● **Exercise aim**
Taking the line that contains "this 1280×1278 image." as the first, copy each line exactly up to and including the last line below.

========================================================================

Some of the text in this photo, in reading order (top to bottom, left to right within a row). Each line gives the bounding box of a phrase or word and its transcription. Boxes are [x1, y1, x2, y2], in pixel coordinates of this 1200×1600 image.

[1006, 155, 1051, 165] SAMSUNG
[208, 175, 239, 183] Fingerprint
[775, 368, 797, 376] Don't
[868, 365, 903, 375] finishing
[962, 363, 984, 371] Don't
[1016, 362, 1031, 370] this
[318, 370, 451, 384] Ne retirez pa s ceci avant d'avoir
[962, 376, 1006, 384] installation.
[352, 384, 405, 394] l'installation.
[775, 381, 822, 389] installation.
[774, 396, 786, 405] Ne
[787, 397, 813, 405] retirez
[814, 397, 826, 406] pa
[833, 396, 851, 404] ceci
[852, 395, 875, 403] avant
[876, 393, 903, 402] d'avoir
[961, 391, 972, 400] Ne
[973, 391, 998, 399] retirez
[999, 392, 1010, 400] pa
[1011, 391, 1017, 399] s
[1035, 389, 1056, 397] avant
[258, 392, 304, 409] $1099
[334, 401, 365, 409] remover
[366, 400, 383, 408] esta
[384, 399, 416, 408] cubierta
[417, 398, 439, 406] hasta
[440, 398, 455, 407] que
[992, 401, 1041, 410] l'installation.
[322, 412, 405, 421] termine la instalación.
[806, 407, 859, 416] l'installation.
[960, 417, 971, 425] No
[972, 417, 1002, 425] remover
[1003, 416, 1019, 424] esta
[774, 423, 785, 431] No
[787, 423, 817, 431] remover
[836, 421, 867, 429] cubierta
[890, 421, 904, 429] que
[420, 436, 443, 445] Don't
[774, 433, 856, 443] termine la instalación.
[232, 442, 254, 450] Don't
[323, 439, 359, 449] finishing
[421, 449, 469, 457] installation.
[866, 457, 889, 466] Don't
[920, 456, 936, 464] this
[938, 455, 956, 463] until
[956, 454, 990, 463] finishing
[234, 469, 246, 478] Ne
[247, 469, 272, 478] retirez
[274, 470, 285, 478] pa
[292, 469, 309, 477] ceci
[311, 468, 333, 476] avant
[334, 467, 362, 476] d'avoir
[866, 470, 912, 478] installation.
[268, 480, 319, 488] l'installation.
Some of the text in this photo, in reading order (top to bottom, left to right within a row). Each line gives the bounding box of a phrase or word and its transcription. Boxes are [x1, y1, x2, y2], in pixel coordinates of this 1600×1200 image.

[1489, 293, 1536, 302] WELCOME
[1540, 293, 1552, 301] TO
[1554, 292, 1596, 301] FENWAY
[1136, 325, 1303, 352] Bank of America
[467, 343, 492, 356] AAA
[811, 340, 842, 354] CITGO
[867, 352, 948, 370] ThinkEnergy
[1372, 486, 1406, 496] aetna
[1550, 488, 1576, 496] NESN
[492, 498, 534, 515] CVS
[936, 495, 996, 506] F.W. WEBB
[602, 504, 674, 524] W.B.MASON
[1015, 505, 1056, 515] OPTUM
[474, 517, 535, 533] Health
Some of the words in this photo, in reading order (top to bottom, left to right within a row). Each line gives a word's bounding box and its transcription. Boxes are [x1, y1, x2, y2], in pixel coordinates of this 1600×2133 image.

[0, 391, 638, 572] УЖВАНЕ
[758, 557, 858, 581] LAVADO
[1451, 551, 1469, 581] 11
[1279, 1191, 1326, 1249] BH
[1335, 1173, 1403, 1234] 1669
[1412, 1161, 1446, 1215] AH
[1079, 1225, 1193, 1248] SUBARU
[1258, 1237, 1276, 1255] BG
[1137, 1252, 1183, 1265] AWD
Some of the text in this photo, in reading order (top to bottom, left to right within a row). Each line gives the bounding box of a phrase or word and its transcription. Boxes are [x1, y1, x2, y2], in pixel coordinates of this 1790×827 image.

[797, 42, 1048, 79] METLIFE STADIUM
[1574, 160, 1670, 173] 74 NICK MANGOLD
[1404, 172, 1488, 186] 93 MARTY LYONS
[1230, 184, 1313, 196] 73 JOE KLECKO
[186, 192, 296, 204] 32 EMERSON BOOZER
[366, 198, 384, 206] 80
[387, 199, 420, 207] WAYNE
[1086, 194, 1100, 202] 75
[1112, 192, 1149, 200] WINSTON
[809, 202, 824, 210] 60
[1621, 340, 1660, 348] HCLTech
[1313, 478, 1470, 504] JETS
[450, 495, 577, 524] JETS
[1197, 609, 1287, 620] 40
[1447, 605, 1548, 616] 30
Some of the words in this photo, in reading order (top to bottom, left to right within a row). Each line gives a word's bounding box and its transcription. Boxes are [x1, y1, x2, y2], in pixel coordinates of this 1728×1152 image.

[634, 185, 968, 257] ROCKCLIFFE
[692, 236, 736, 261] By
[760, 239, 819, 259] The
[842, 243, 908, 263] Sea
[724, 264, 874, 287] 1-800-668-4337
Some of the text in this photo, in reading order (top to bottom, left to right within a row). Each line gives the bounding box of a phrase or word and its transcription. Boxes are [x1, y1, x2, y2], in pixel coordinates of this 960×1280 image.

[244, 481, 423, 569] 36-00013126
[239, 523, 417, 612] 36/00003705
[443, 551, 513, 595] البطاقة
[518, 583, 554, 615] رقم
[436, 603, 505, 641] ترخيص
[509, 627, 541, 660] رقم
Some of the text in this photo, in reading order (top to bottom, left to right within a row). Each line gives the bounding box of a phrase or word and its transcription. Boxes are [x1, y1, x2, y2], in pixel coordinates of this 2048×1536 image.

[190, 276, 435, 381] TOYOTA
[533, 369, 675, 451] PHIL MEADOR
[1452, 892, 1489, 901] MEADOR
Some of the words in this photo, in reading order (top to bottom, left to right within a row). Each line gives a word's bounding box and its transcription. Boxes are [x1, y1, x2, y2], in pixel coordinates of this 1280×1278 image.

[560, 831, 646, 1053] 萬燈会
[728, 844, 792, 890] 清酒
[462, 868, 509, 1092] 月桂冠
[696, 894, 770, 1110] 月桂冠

========================================================================

● **Response to this exercise**
Some of the words in this photo, in reading order (top to bottom, left to right within a row). Each line gives a word's bounding box and its transcription. Boxes are [x1, y1, x2, y2], in pixel coordinates of this 1280×1278 image.

[560, 831, 646, 1053] 萬燈会
[728, 844, 792, 890] 清酒
[462, 868, 509, 1092] 月桂冠
[696, 894, 770, 1110] 月桂冠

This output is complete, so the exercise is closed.